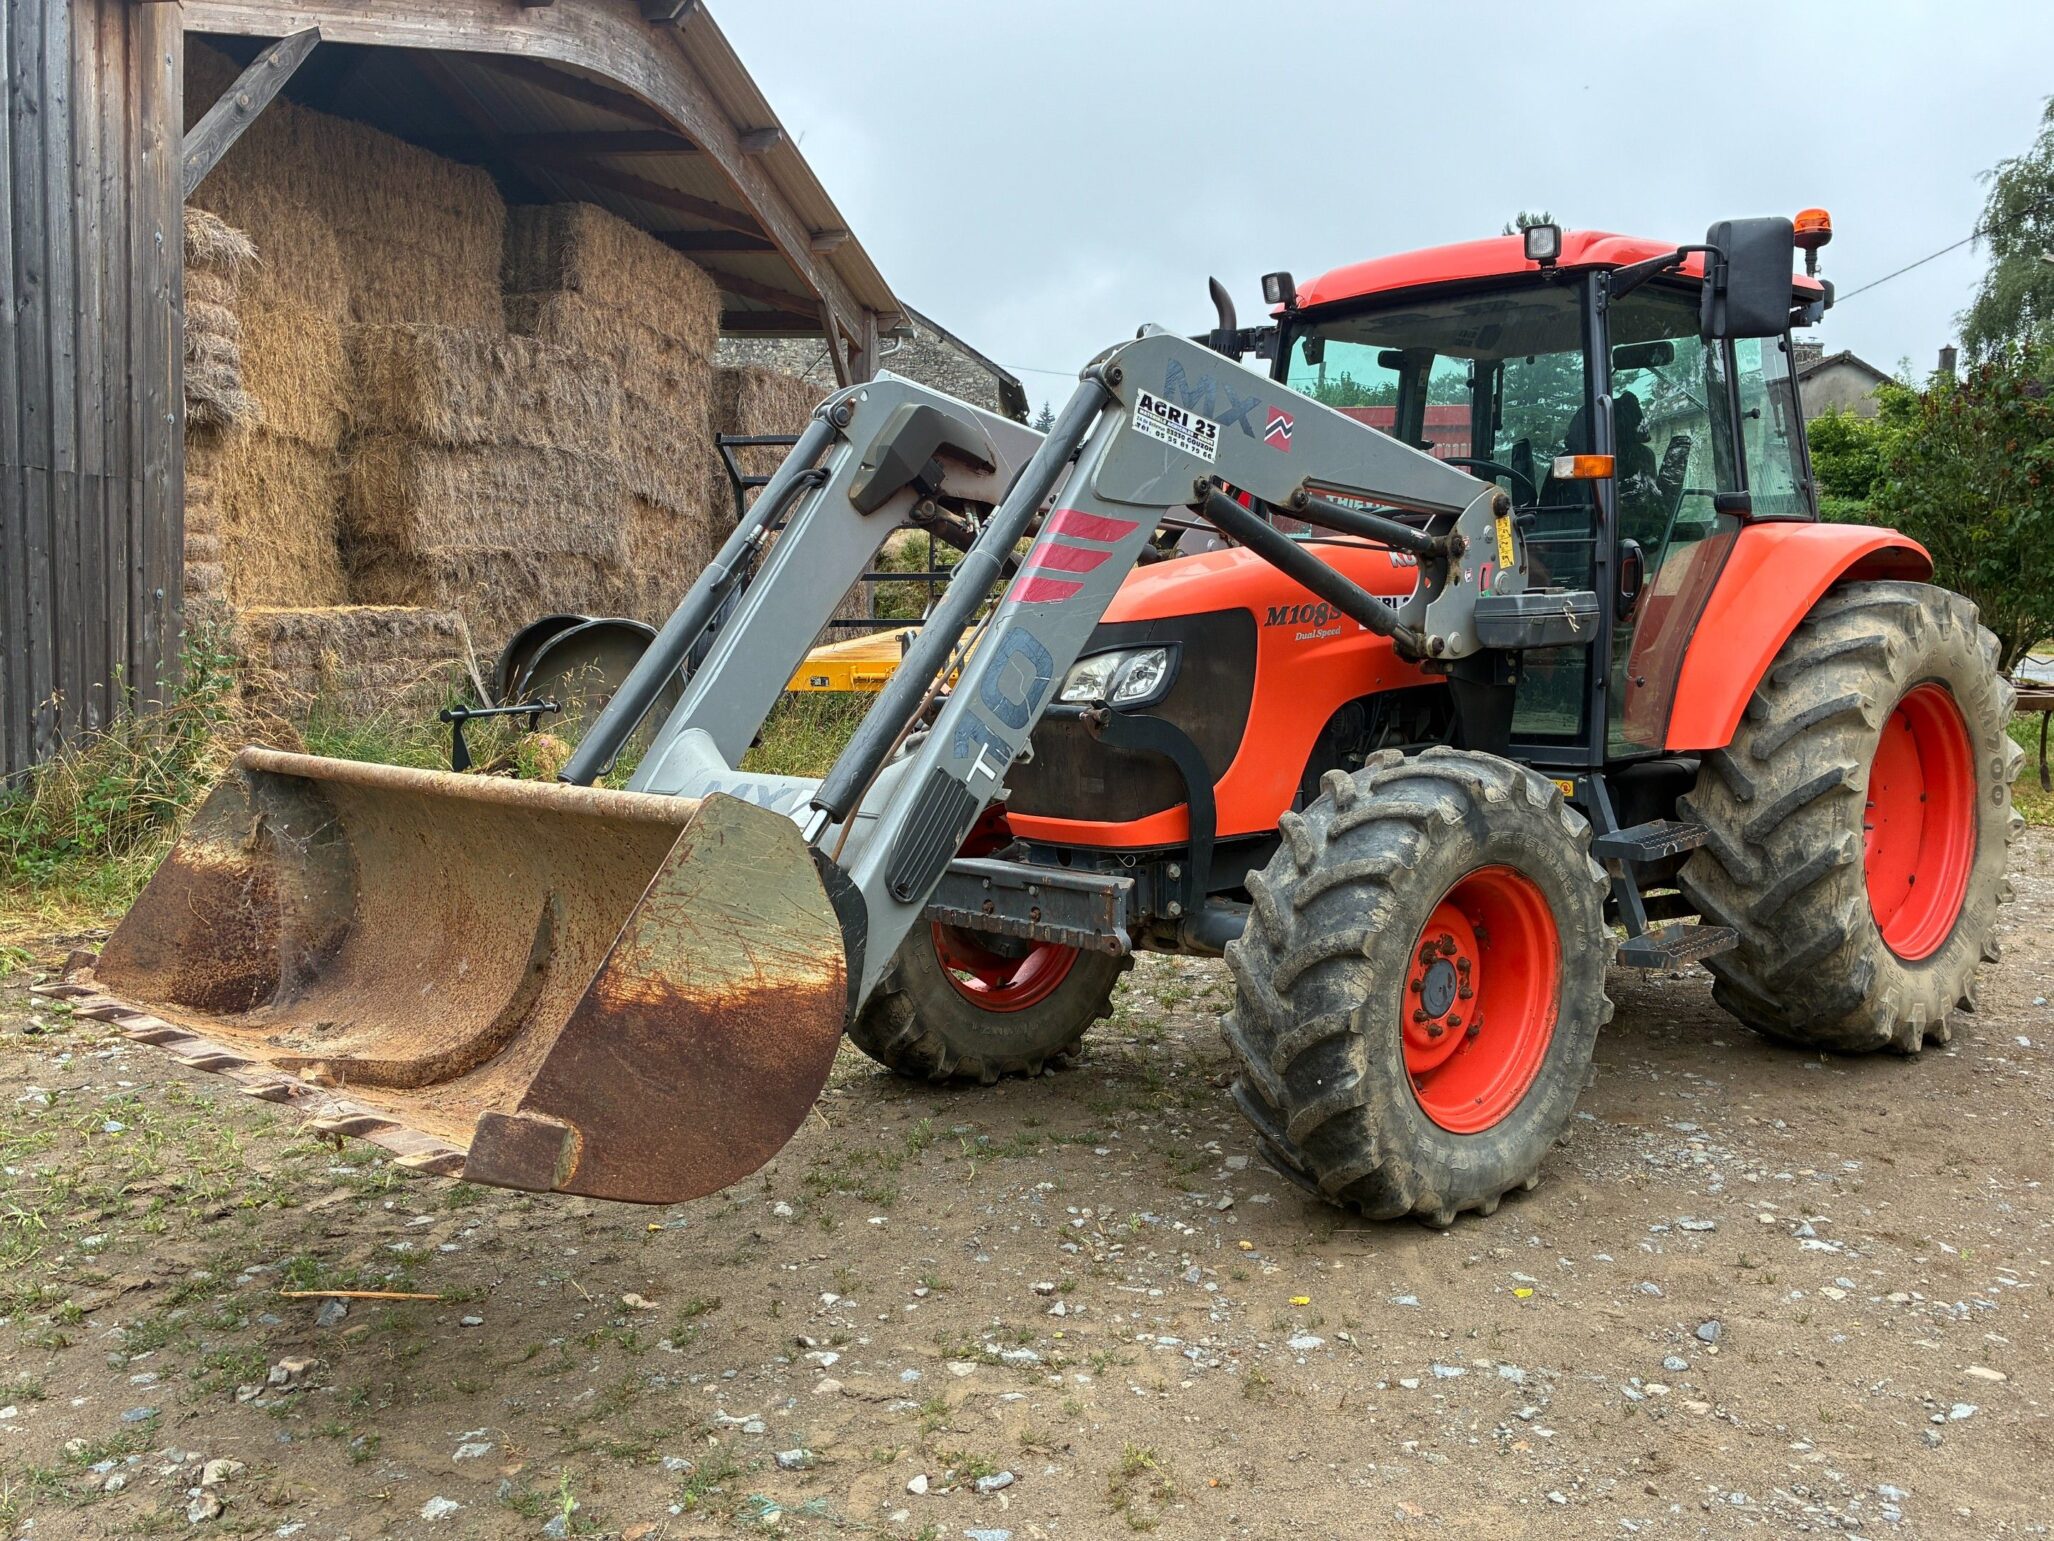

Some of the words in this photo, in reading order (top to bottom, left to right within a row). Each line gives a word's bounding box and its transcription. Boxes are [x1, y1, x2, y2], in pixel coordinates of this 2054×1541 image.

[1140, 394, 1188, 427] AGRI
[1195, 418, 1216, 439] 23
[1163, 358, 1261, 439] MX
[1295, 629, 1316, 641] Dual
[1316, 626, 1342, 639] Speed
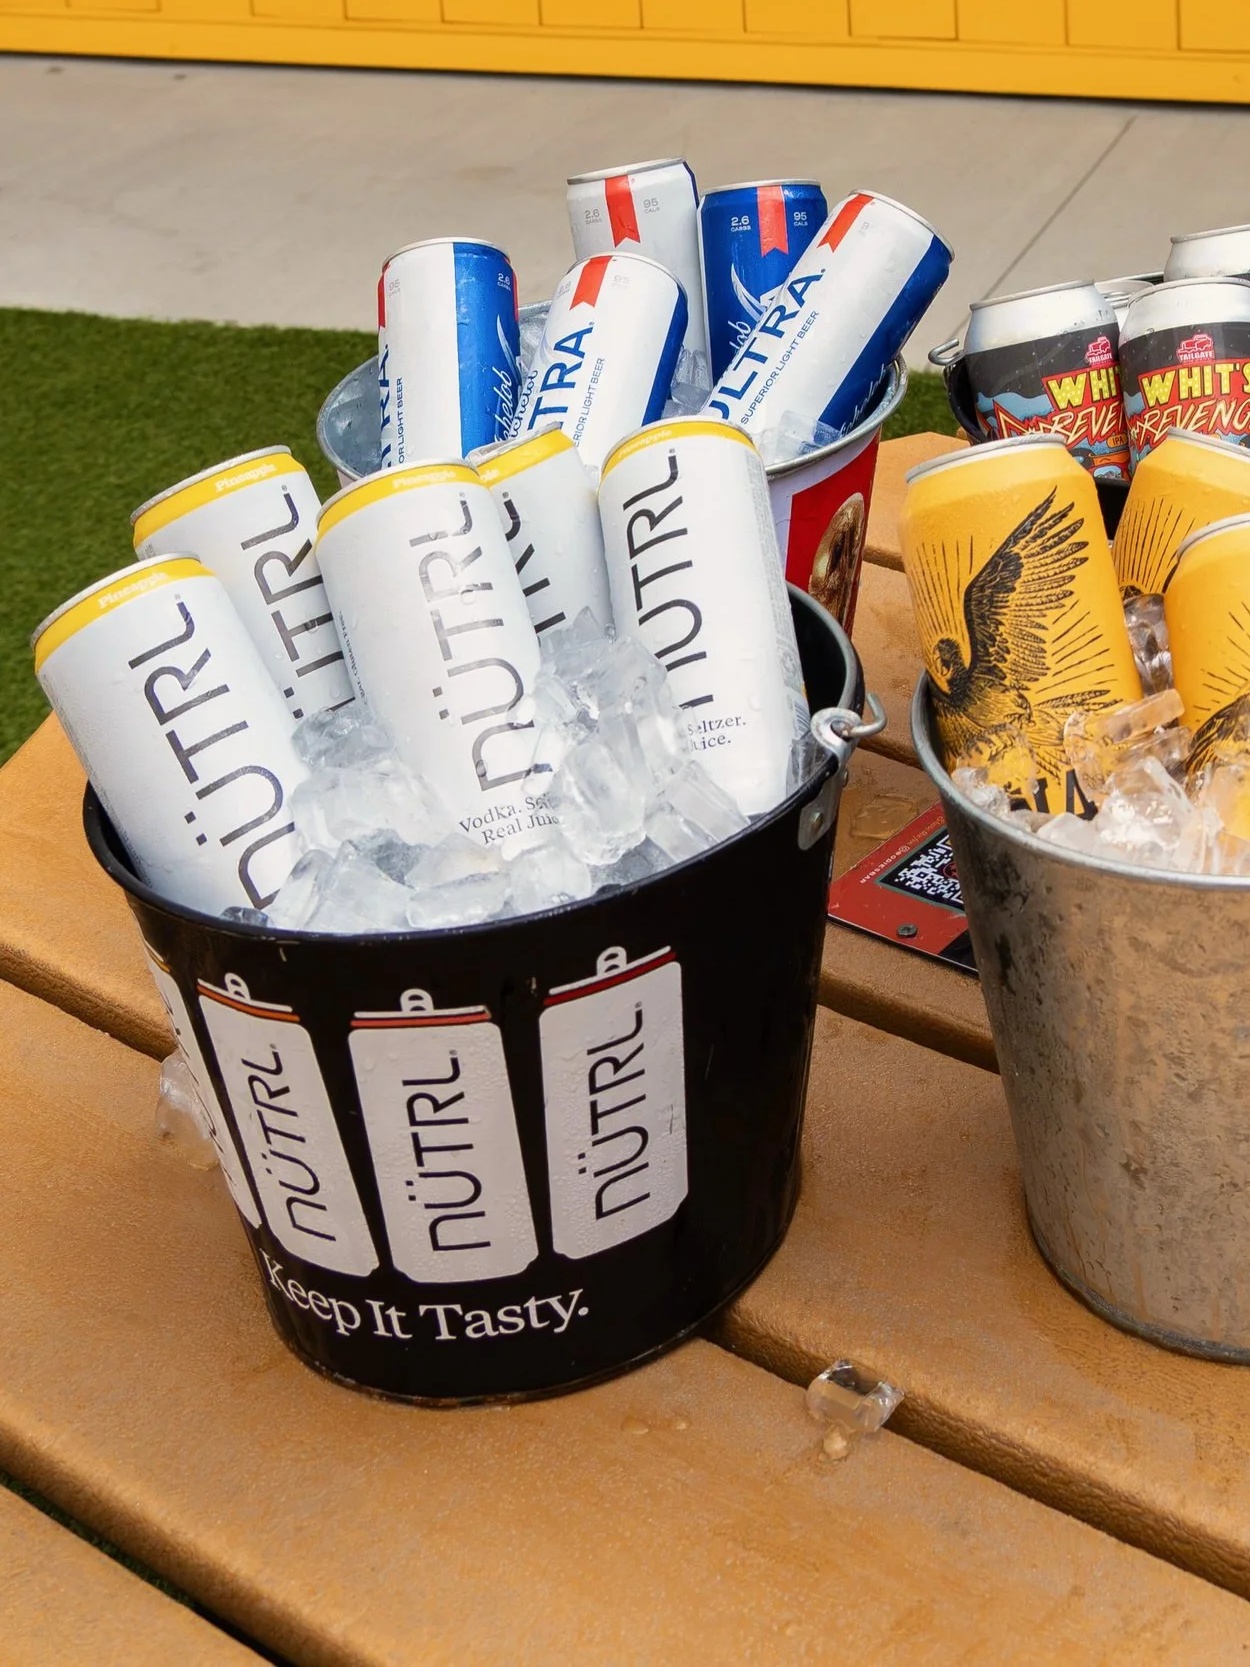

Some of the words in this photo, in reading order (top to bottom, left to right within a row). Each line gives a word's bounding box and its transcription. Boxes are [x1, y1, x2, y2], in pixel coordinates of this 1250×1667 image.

• _Assignment_
The listing above should be returned word for word, with pictures omitted.

• _Task answer_
Some of the words in this photo, in reading order (top to bottom, left to right within a row). Each line gives a word's bounding box and its transcription. Boxes are [x1, y1, x2, y2], in pixel coordinates of this 2054×1541 image.

[1140, 394, 1188, 427] AGRI
[1195, 418, 1216, 439] 23
[1163, 358, 1261, 439] MX
[1295, 629, 1316, 641] Dual
[1316, 626, 1342, 639] Speed

Some of the words in this photo, in reading order (top to bottom, left to right within a row). Each line gives a word's bounding box and its transcription. Boxes are [x1, y1, x2, y2], in pixel coordinates of this 1250×1667 image.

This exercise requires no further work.